The work at Queen Street followed on from a similar project at Winchburgh Tunnel, and is part of the multi-billion pound investment in Scotland's railway network.
It also includes the electrification of the line between Glasgow and Edinburgh, similar work on the Shotts line, electrification of the line between Stirling, Dunblane and Alloa and a major upgrade of the line between Aberdeen and Inverness.
There were also several large-scale incidents during the survey period - including a major one at Princes Street Gardens in Edinburgh that caused widespread disruption.
Transport Focus chief executive Anthony Smith said: "The results around the country are disappointing. Scottish passengers and those travelling in peak hours in London and the south east are bearing the brunt of poor performance.
"The timetable on parts of the London and South East's railway can be a work of fiction which passengers cannot rely on. As passenger numbers rise, parts of the rail network will remain brittle until welcome improvements are in place and working."
Last November, Transport Minister Humza Yousaf apologised to ScotRail passengers following criticism of ScotRail's reliability since Abellio took over the contract in April 2015.
Mr Yousaf, who also suggested rail services could be taken into the public sector in the future, had previously ordered ScotRail to draw up an improvement plan, which was published in full on 29 November.
Figures published earlier this month showed the reliability of ScotRail trains significantly improved in the weeks after the improvement plan was published.

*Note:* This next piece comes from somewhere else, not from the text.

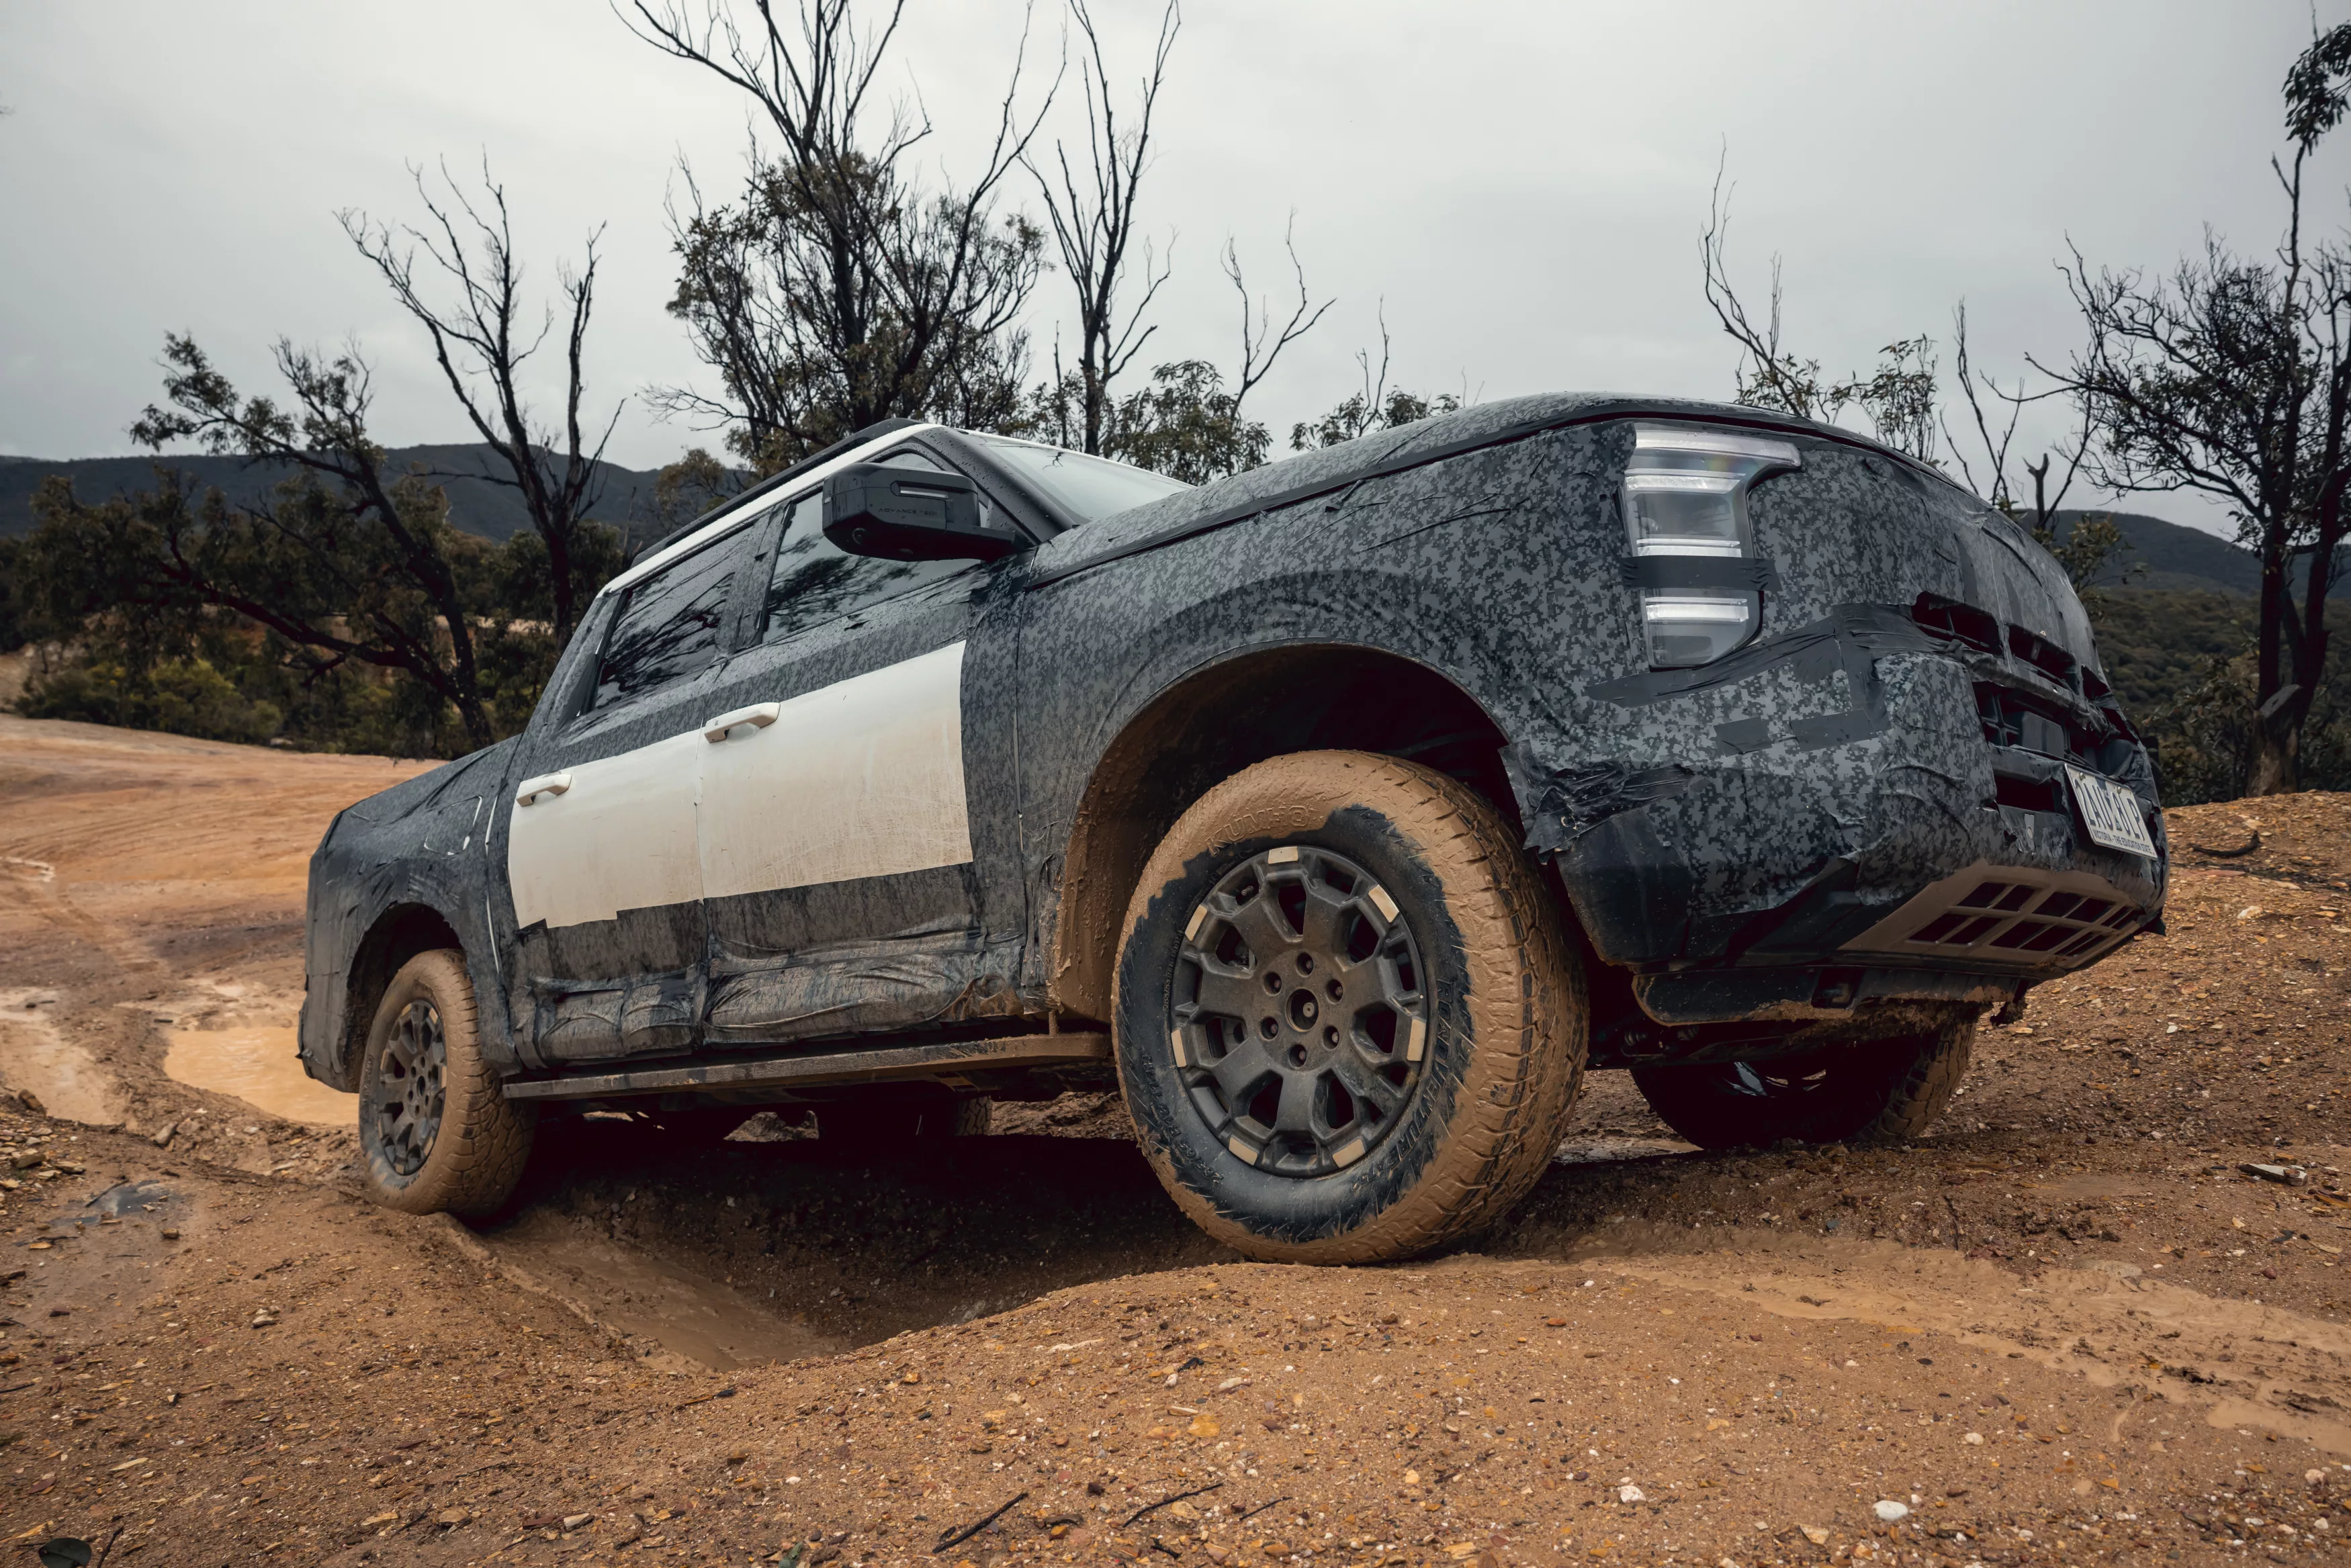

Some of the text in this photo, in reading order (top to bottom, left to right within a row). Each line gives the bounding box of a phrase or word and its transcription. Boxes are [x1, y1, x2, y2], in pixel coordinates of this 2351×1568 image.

The PPM data showed 89.7% of trains arrived within five minutes of schedule in the four weeks to 7 January. This was a 6% rise on the previous four weeks, and a 2.8% improvement on the same period last year.
But ScotRail's annual performance was 90% - below the 91.3% target set in Abellio's contract for the franchise.
Mr Yousaf was questioned by MSPs about the latest figures at Holyrood.
He said he was "disappointed" by the results, but insisted progress had been made during "an exciting and challenging period for rail in Scotland".
He said: "Let me be clear, ScotRail is not yet performing at the level I would like it to. However, let's also be clear, neither is the situation the apocalyptic scenario often painted by our opponents."
Scottish Conservative MSP Liam Kerr said it was right Mr Yousaf came to the chamber in the wake of the change of management at ScotRail, saying the government had "driven Mr Verster from his post".
He said the government had been responsible for "ill-thought-through announcements regarding public sector bids and the future of the franchise", "uncosted raids" on funds and "the situation on the ground deteriorating" for commuters, asking if new boss Alex Hynes would be given the government's full support.
Mr Yousaf replied that he would not take lectures from a Tory on rail services, adding that he did not recognise the Scottish rail service described. He added that the government would back Mr Hynes, and hoped all MSPs would.
Labour's Neil Bibby said passengers were fed up with the level of delays, cancellations and skipped stops, asking if Mr Yousaf would take responsibility if targets were not hit.
The minister replied that "it must be very depressing to live in the mind of Neil Bibby, where everything seems to be going wrong", insisting there had been improvements in services.